* **YOUR ASSIGNMENT**
Transcribe the listing below word for word but skip its images.

○ ○ ○ ○ ○

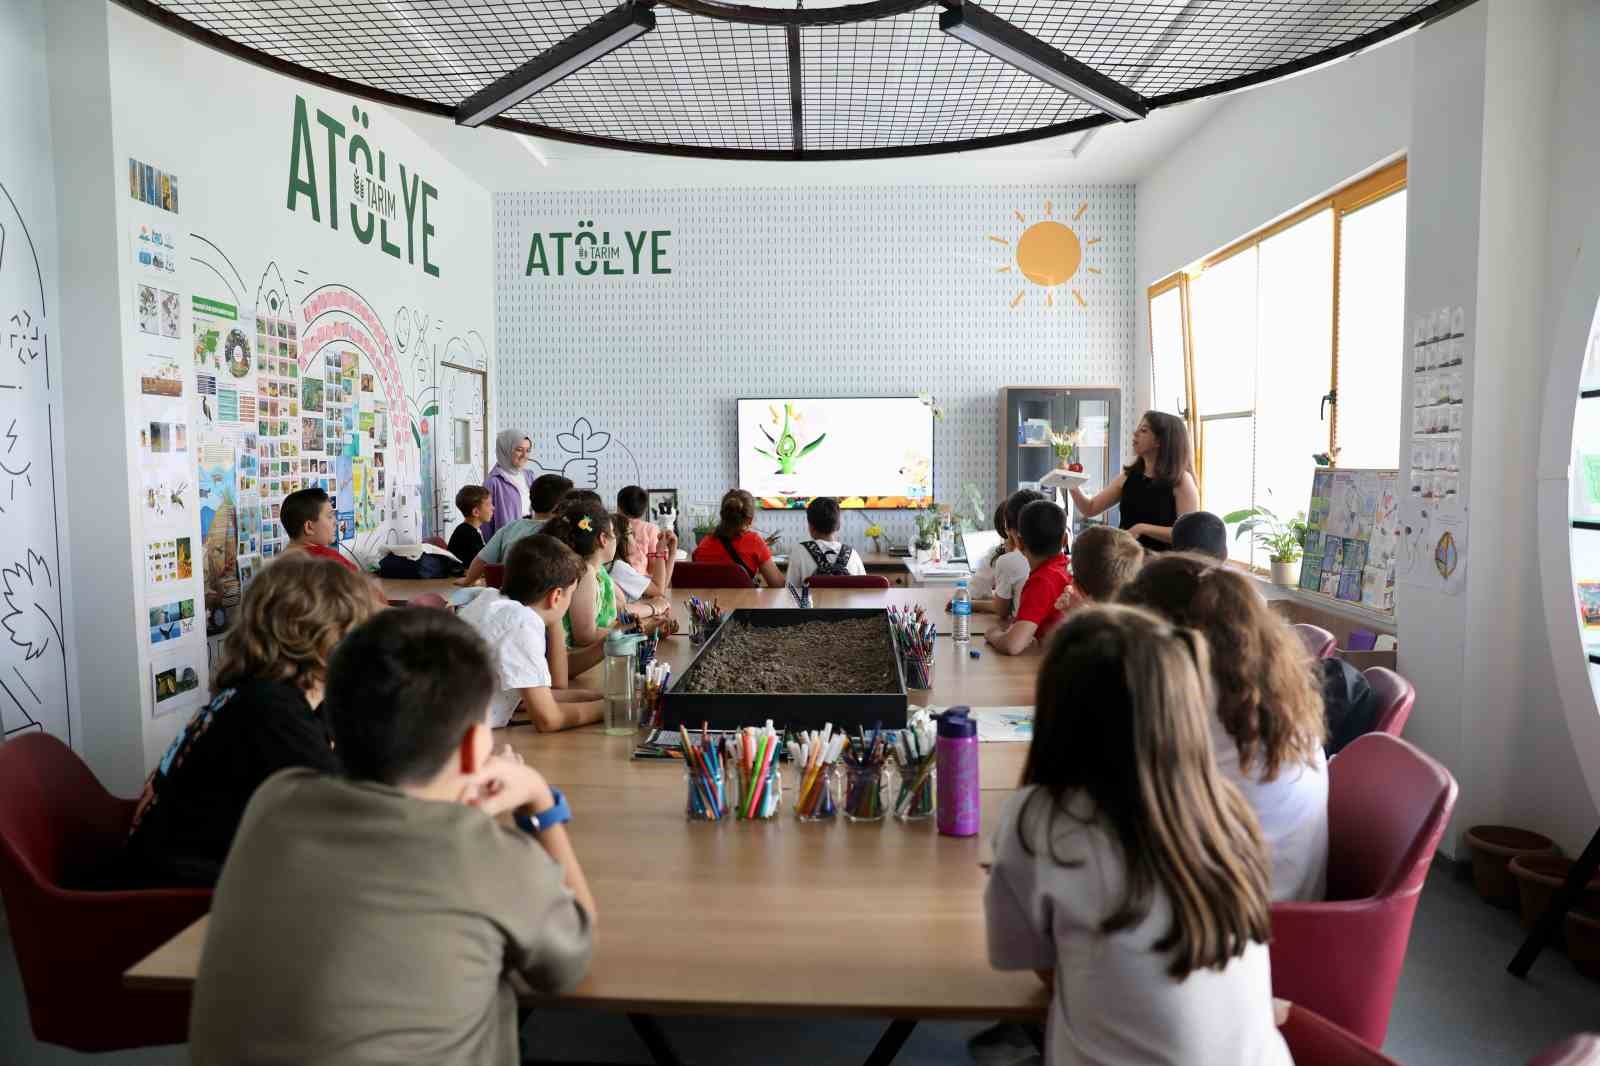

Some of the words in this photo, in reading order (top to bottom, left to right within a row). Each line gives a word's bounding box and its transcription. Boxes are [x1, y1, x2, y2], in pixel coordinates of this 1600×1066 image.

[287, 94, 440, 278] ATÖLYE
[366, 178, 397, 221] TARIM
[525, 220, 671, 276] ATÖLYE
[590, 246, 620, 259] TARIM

○ ○ ○ ○ ○

* **SOLUTION FOR THIS EXERCISE**
Some of the words in this photo, in reading order (top to bottom, left to right within a row). Each line gives a word's bounding box and its transcription. Boxes are [x1, y1, x2, y2], in pixel coordinates of this 1600×1066 image.

[287, 94, 440, 278] ATÖLYE
[366, 178, 397, 221] TARIM
[525, 220, 671, 276] ATÖLYE
[590, 246, 620, 259] TARIM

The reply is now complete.